Presque tous s’attendent à ce que la Réserve fédérale américaine (Fed) laisse les taux inchangés cette semaine. Je surveille de près deux données, à savoir l’IPC et les anticipations d’inflation de l’Université du Michigan, qui ont toujours influencé les décisions de la Fed en matière de taux d’intérêt. Rappelons qu’en juin 2022, ces deux données ont fait changer d’idée la Fed, qui avait décidé de procéder à une hausse de taux de 50 points de base et communiqué clairement son intention dans les semaines qui ont précédé sa réunion. En fin de compte, elle a relevé les taux de 75 points de base. Or, la semaine dernière, nous avons appris que l’IPC du mois d’août est un peu plus élevé que prévu, mais rien d’inquiétant, et que les attentes de l’Université du Michigan en matière d’inflation à la consommation ont même diminué.

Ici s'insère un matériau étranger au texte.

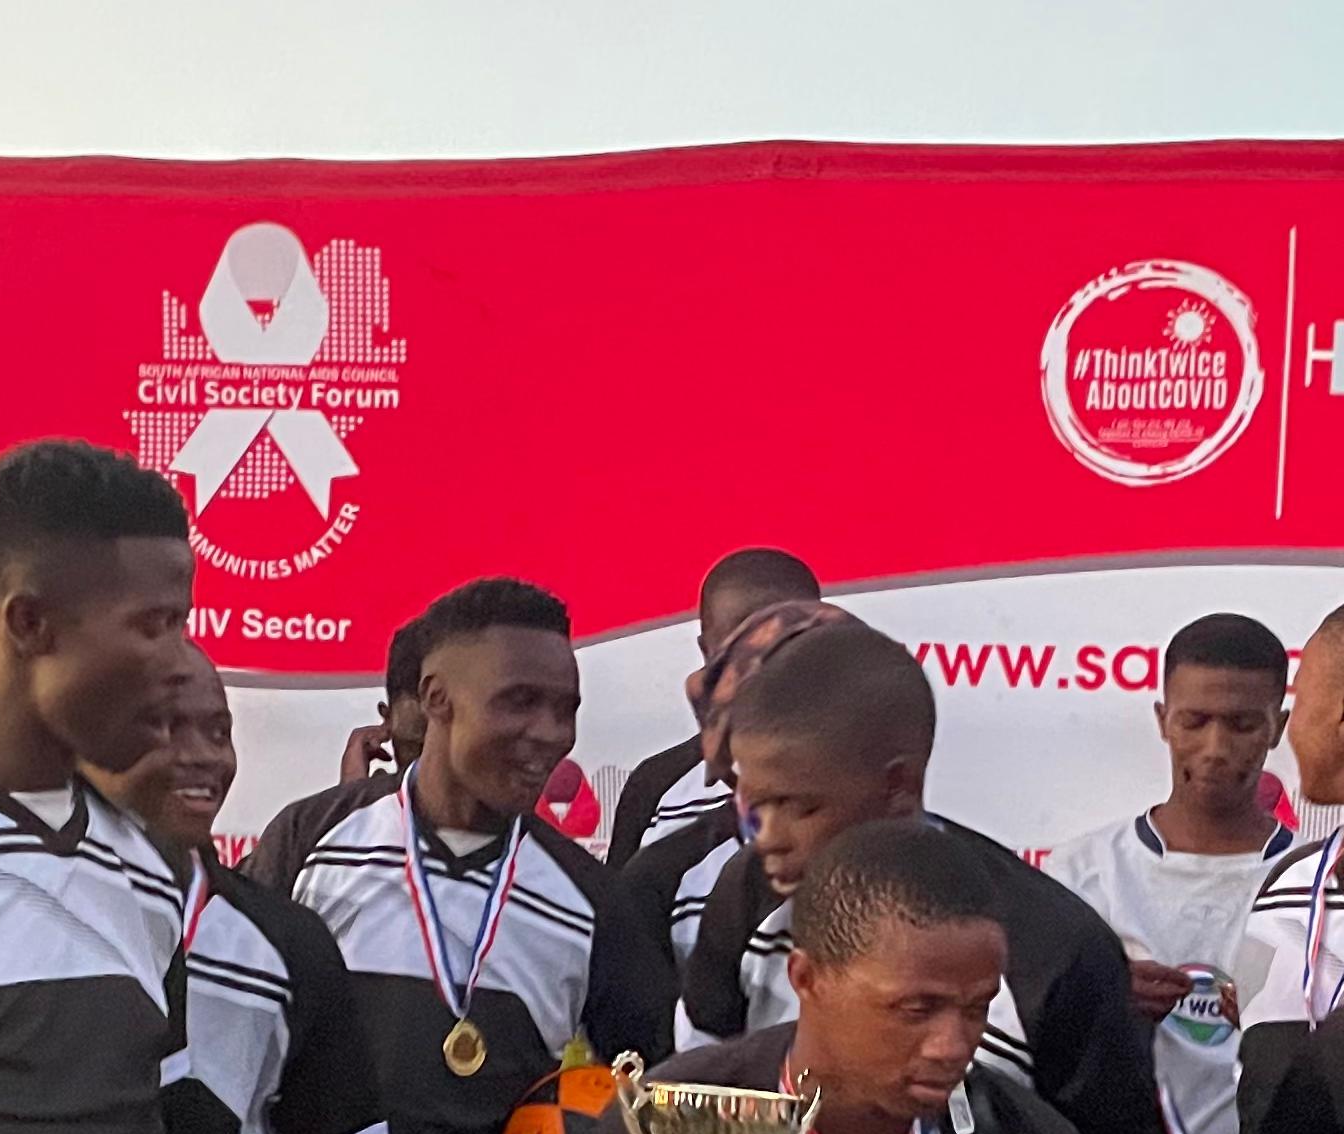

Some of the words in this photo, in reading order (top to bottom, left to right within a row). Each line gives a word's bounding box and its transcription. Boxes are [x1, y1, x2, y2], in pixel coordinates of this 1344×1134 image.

[139, 363, 182, 379] SOUTH
[185, 364, 241, 380] AFRICAN
[243, 366, 306, 381] NATIONAL
[308, 367, 339, 382] AIDS
[341, 367, 399, 382] COUNCIL
[1073, 345, 1226, 380] #ThinkTwice
[137, 379, 196, 405] Civil
[205, 380, 304, 411] Society
[312, 383, 399, 408] Forum
[1085, 377, 1229, 411] AboutCOVID
[188, 524, 292, 580] MMUNITIES
[292, 502, 360, 573] MATTER
[241, 608, 352, 642] Sector

Le sondage de l’Université du Michigan a révélé que les anticipations d’inflation des consommateurs sur un an se sont sensiblement améliorées, malgré la hausse des prix de l’essence, tout comme les anticipations d’inflation sur cinq ans.6 Cela devrait indiquer à la Fed que les anticipations d’inflation sont bien ancrées. Cela devrait aussi l’inciter à ne pas procéder à une hausse de taux à sa réunion de cette semaine, ou à toute autre réunion, et à mettre fin à son cycle de resserrement. Le sondage montre aussi une nette détérioration de la confiance des consommateurs. Cela devrait également encourager la Fed à mettre fin à son cycle de hausse des taux.

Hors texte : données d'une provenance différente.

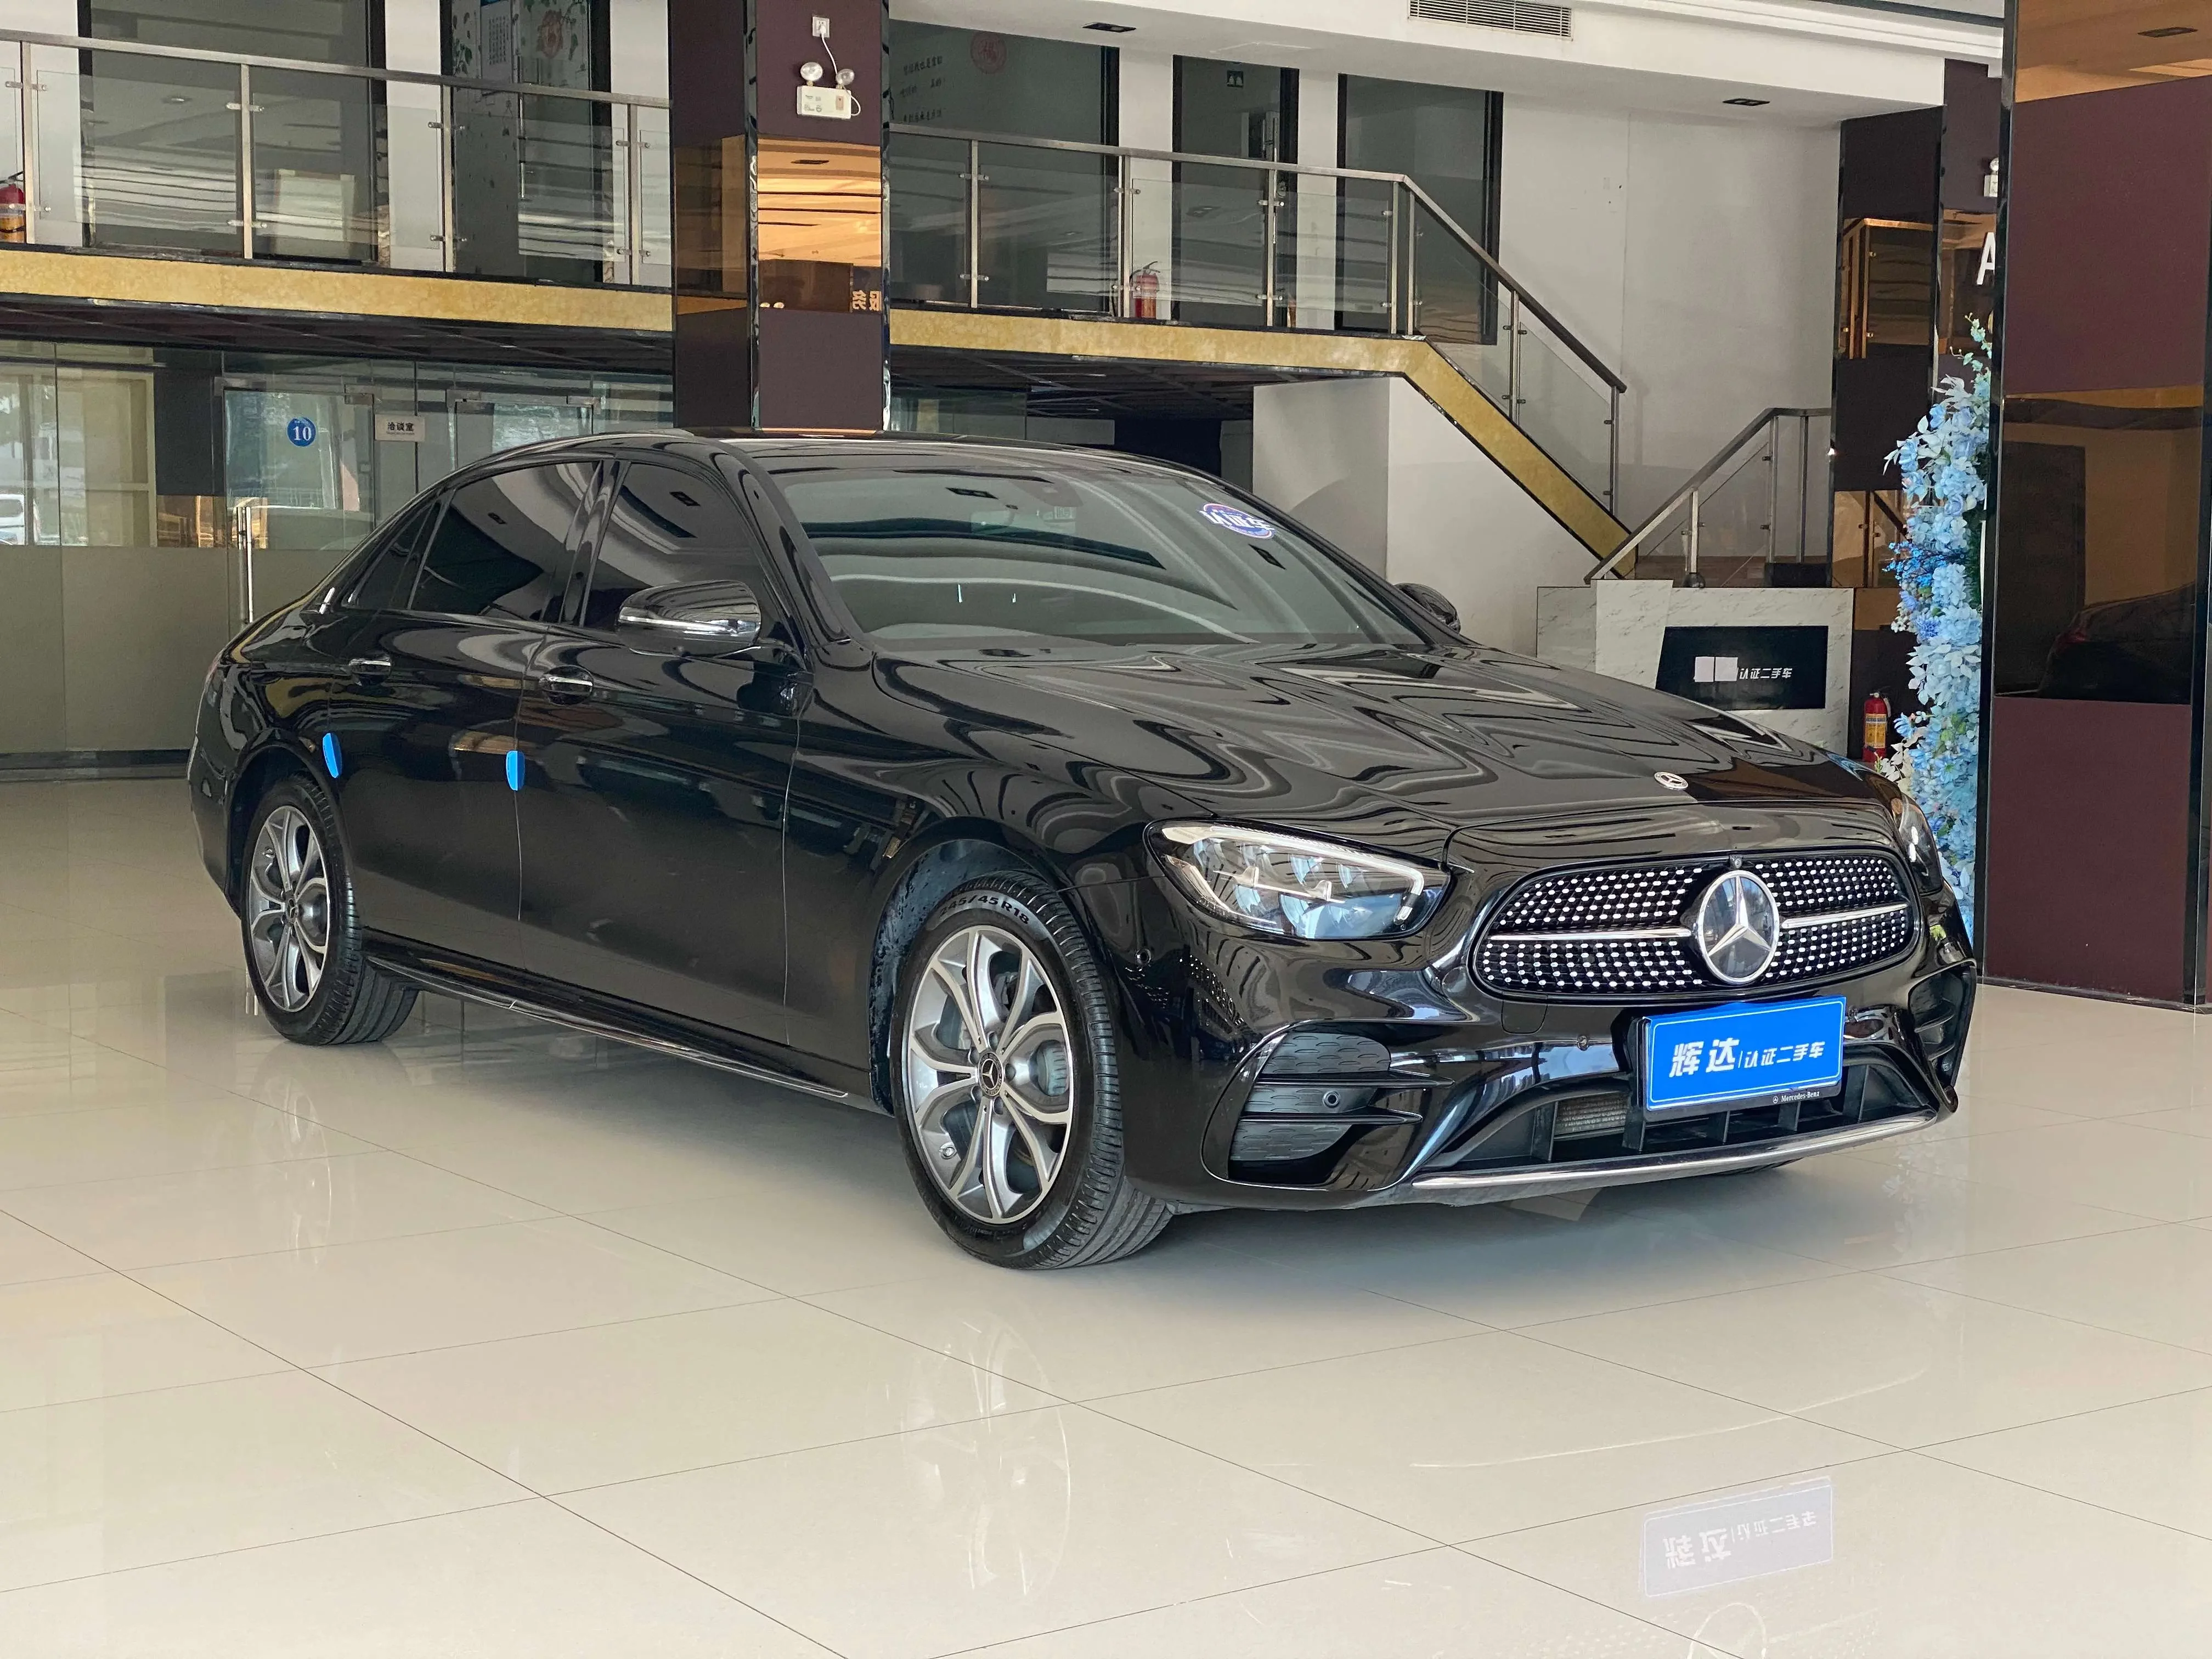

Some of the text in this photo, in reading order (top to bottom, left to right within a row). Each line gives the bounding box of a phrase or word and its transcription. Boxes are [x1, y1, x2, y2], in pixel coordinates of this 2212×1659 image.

[387, 422, 415, 431] 洽谈室
[293, 426, 312, 441] 10
[1739, 668, 1792, 680] 认证二手车
[939, 895, 1030, 924] 245/45 R18
[1669, 1037, 1826, 1078] 辉达 认证二手车
[1781, 1091, 1820, 1102] Mercedes-Benz

Je persiste à croire que la Fed devrait cesser d’augmenter ses taux d’intérêt parce que le plus gros risque à ce stade‑ci est celui de resserrer exagérément sa politique monétaire. La semaine dernière, j’ai demandé à mes abonnés LinkedIn si le plus gros risque pour la Fed était celui d’un resserrement excessif ou d’un resserrement insuffisant et ils ont répondu avec une écrasante majorité que le plus gros risque était celui d’un resserrement excessif.

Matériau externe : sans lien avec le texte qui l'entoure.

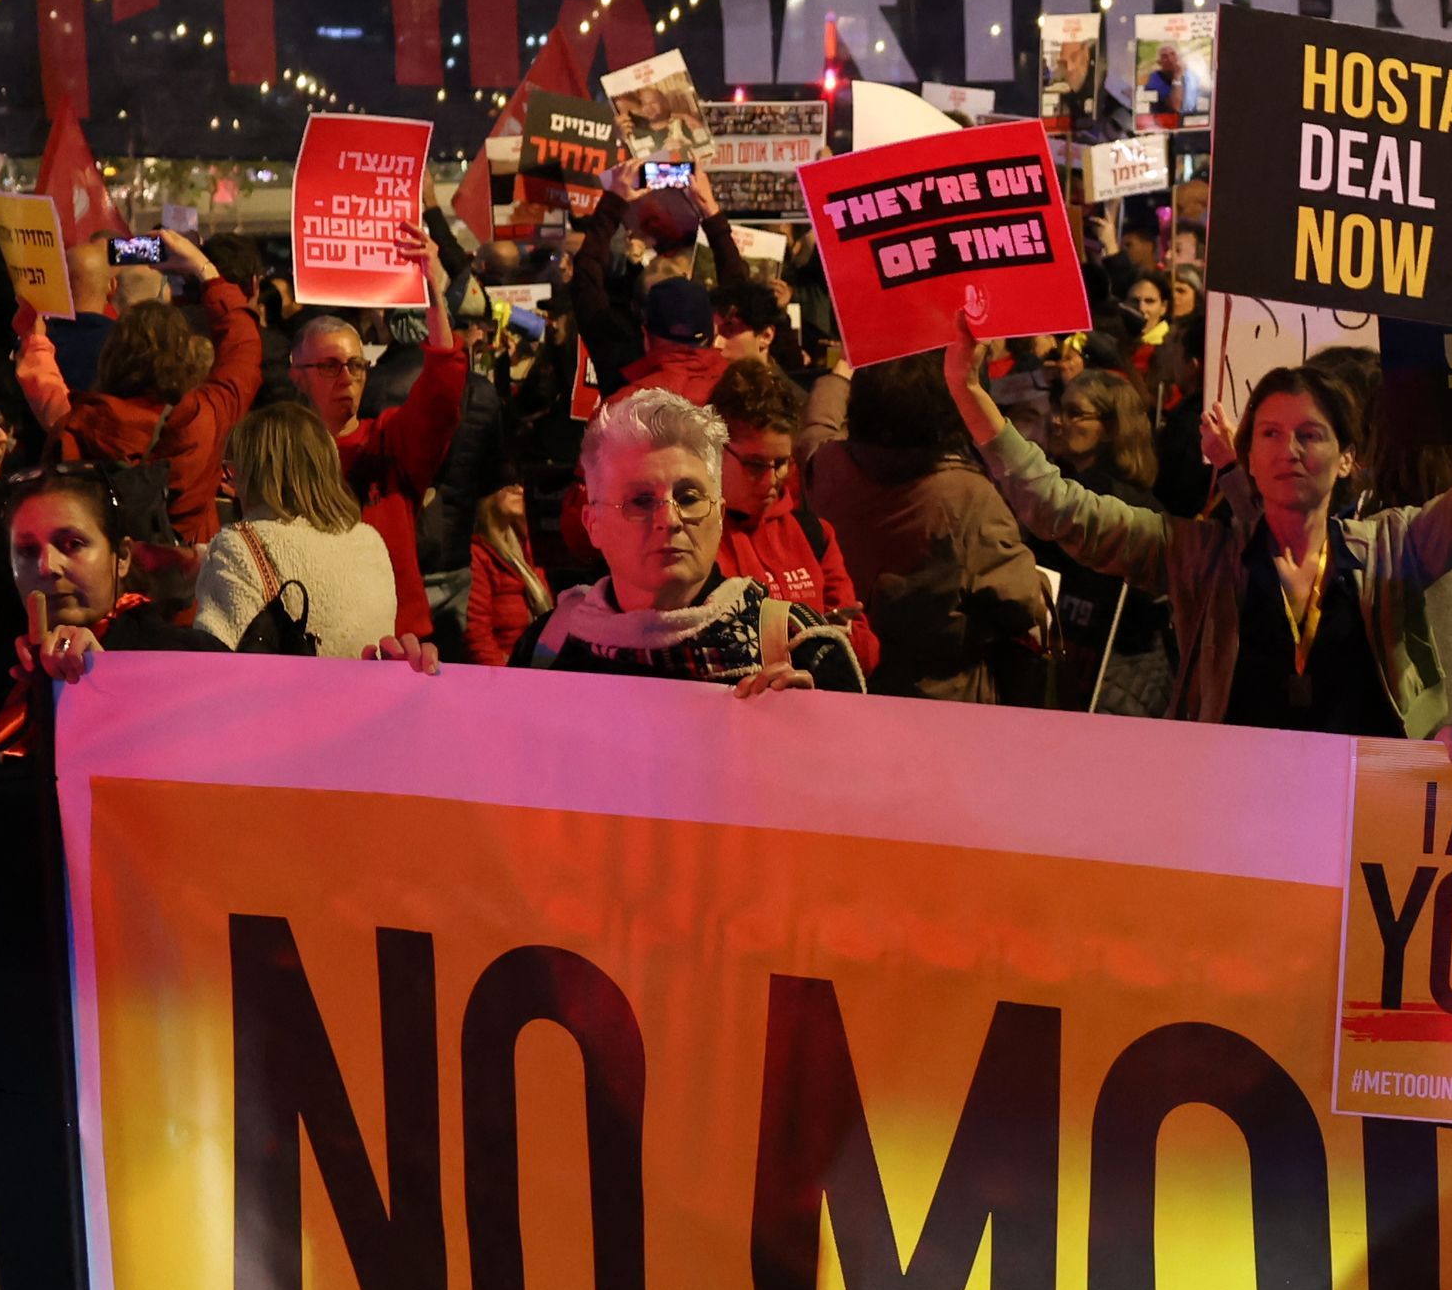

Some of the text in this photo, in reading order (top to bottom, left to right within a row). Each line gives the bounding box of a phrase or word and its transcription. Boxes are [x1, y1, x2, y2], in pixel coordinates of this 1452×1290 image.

[550, 113, 612, 141] שבויים
[338, 150, 416, 176] תעצרו
[529, 135, 608, 177] מחיר
[1298, 121, 1437, 210] DEAL
[332, 194, 412, 220] העולם
[375, 176, 412, 197] את
[822, 172, 982, 230] THEY'RE
[986, 164, 1043, 199] OUT
[307, 242, 347, 262] שם
[877, 219, 1047, 279] OF TIME!
[1293, 205, 1435, 299] NOW
[1423, 781, 1438, 855] I

Par conséquent, je m'attends à ce que la Fed maintienne le statu quo à sa réunion de cette semaine, mais il se peut qu’il s’agisse d’une pause belliciste et qu’elle tente d'atténuer les effets de l'assouplissement des conditions de crédit par un discours ferme.

La Banque d'Angleterre va probablement relever ses taux

La Banque d’Angleterre va elle aussi se réunir cette semaine et l’on s’attend à ce qu’elle relève ses taux pour de bonnes raisons. La croissance des salaires réguliers au Royaume-Uni s’est hissée à un nouveau sommet en juillet, soit 7,8 %, ce qui porte la croissance réelle des salaires à -0,1 %.7 La croissance réelle des salaires est négative depuis octobre 2021.7 De plus, les données sur l’inflation pour le mois d’août seront rendues publiques mercredi; on s’attend à ce que les prix de l’alcool et de l’essence fassent grimper le taux d’inflation sommaire par rapport à juillet. Nous nous attendons à ce que les prévisions d’inflation de base soient légèrement inférieures à celles de juillet.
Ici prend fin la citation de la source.